Mulk Raj Anand (12 December 1905 – 28 September 2004) was an Indian writer in English, recognised for his depiction of the lives of the poorer class in the traditional Indian society. One of the pioneers of Indo-Anglian fiction, he, together with R. K. Narayan, Ahmad Ali and Raja Rao, was one of the first India-based writers in English to gain an International readership. Anand is admired for his novels and short stories, which have acquired the status of classics of modern Indian English literature; they are noted for their perceptive insight into the lives of the oppressed and for their analysis of impoverishment, exploitation and misfortune.[1][2][3] He became known for his protest novel Untouchable (1935), which was followed by other works on the Indian poor such as Coolie (1936) and Two Leaves and a Bud (1937).[4] He is also noted for being among the first writers to incorporate Punjabi and Hindustani idioms into English,[5] and was a recipient of the civilian honour of the Padma Bhushan,[6] the third-highest civilian award in the Republic of India.

Early life and education

Mulk Raj Anand was born in a Hindu Khatri family in Peshawar.[7] Anand studied at Khalsa College, Amritsar, graduating with honours in 1924[5] before moving to England. While working in a restaurant to support himself, he attended University College London as an undergraduate and later studied at Cambridge University, earning a Ph.D. in philosophy in 1929 with a dissertation on Bertrand Russell and the English empiricists.[8] During this time he forged friendships with members of the Bloomsbury Group. He also spent time in Geneva, lecturing at the League of Nations' International Committee on Intellectual Cooperation.

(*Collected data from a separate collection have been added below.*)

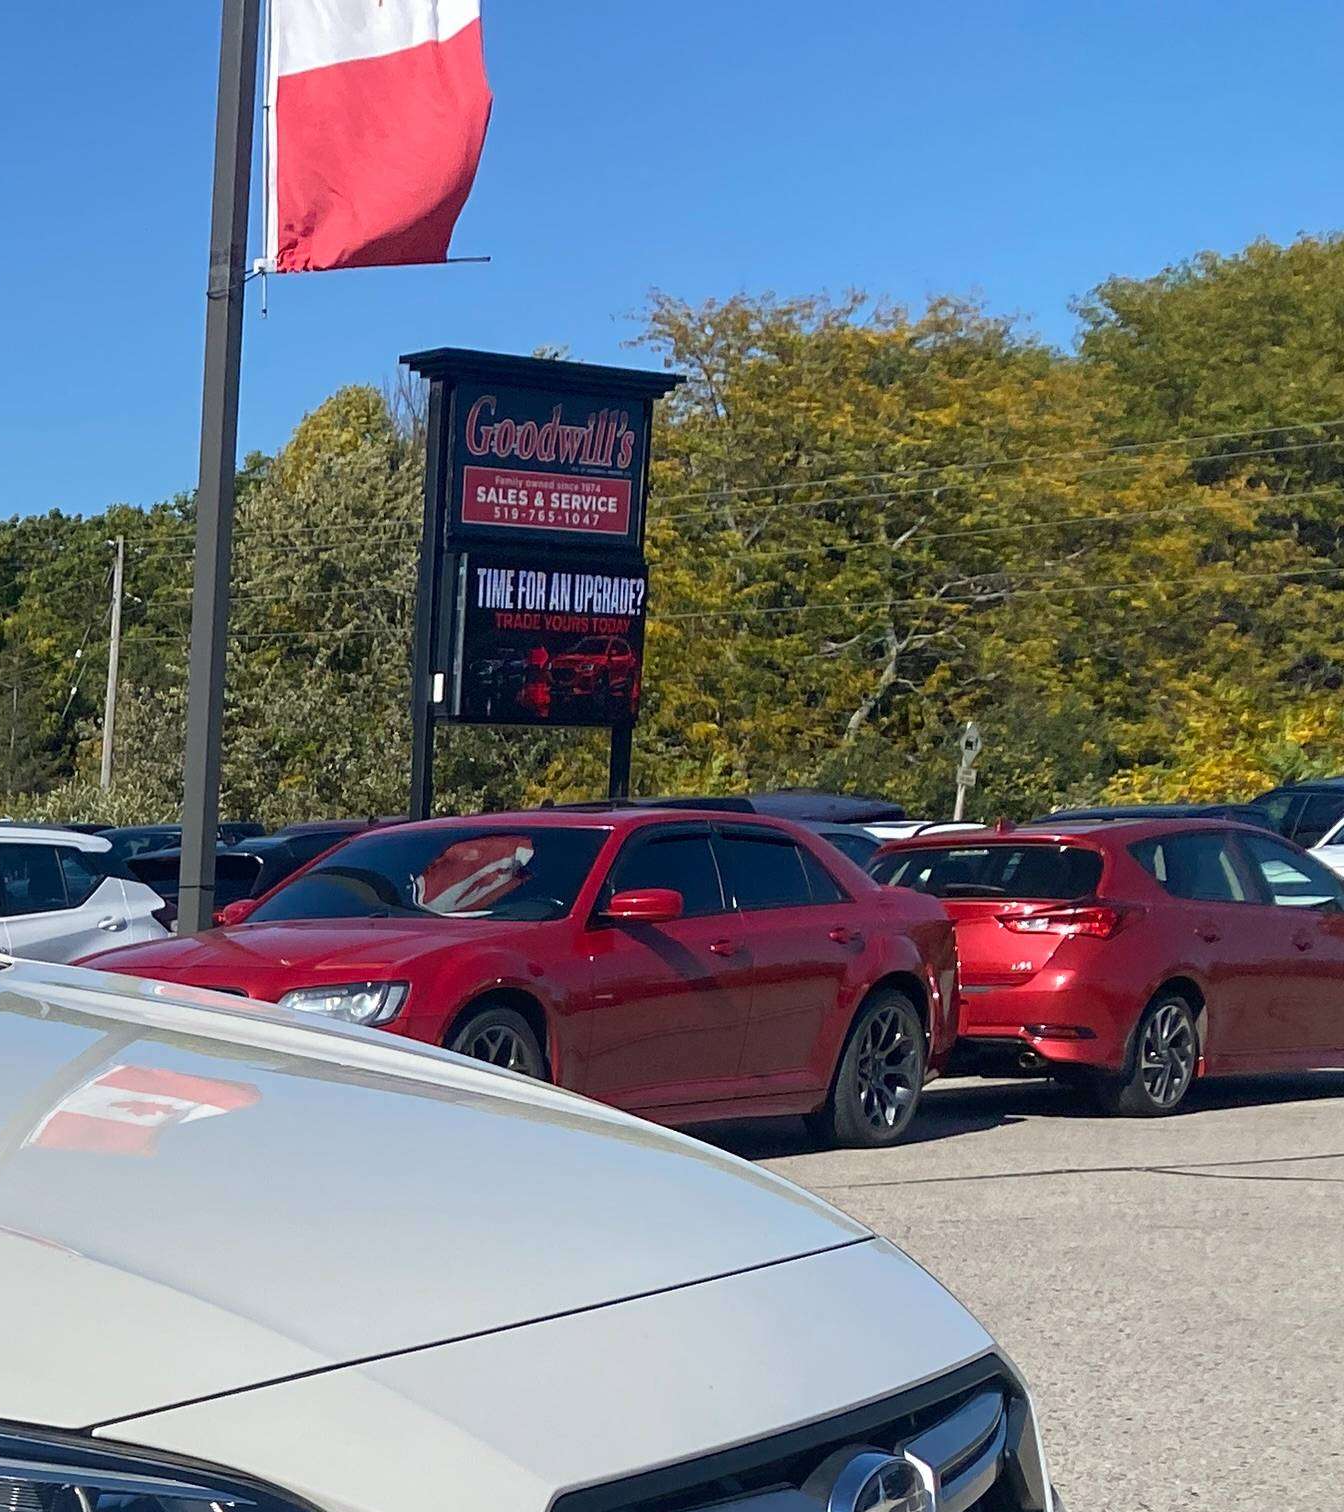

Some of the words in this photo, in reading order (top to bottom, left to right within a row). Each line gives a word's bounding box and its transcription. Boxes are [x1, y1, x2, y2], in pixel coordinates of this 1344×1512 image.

[465, 394, 635, 469] Goodwill's
[494, 475, 523, 489] Family
[525, 479, 555, 490] owned
[556, 481, 580, 491] since
[476, 486, 528, 506] SALES
[533, 491, 545, 507] &
[550, 492, 619, 513] SERVICE
[493, 506, 600, 527] 519-765-1047
[476, 567, 516, 610] TIME
[517, 570, 547, 611] FOR
[548, 572, 572, 612] AN
[574, 574, 645, 616] UPGRADE?
[495, 612, 541, 630] TRADE
[543, 614, 590, 633] YOURS
[591, 616, 632, 634] TODAY

Anand married English actress and communist Kathleen Van Gelder in 1938; they had a daughter, Susheela, before divorcing in 1948.[9]

Career

Mulk Raj Anand's literary career was launched by a family tragedy arising from the rigidity of India's caste system. His first prose essay was a response to the suicide of an aunt excommunicated by her family for sharing a meal with a Muslim woman.[10][11] His first novel, Untouchable, published in 1935, is a chilling exposé of the lives of India's untouchable caste which were neglected at that time. The novel follows a single day in the life of Bakha, a toilet-cleaner, who accidentally bumps into a member of a higher caste, triggering a series of humiliations. Bakha searches for salve to the tragedy of the destiny into which he was born, talking with a Christian missionary, listening to a speech about untouchability by Mahatma Gandhi and a subsequent conversation between two educated Indians, but by the end of the book Anand suggests that it is technology, in the form of the newly introduced flush toilet, that may be his savior by eliminating the need for a caste of toilet cleaners.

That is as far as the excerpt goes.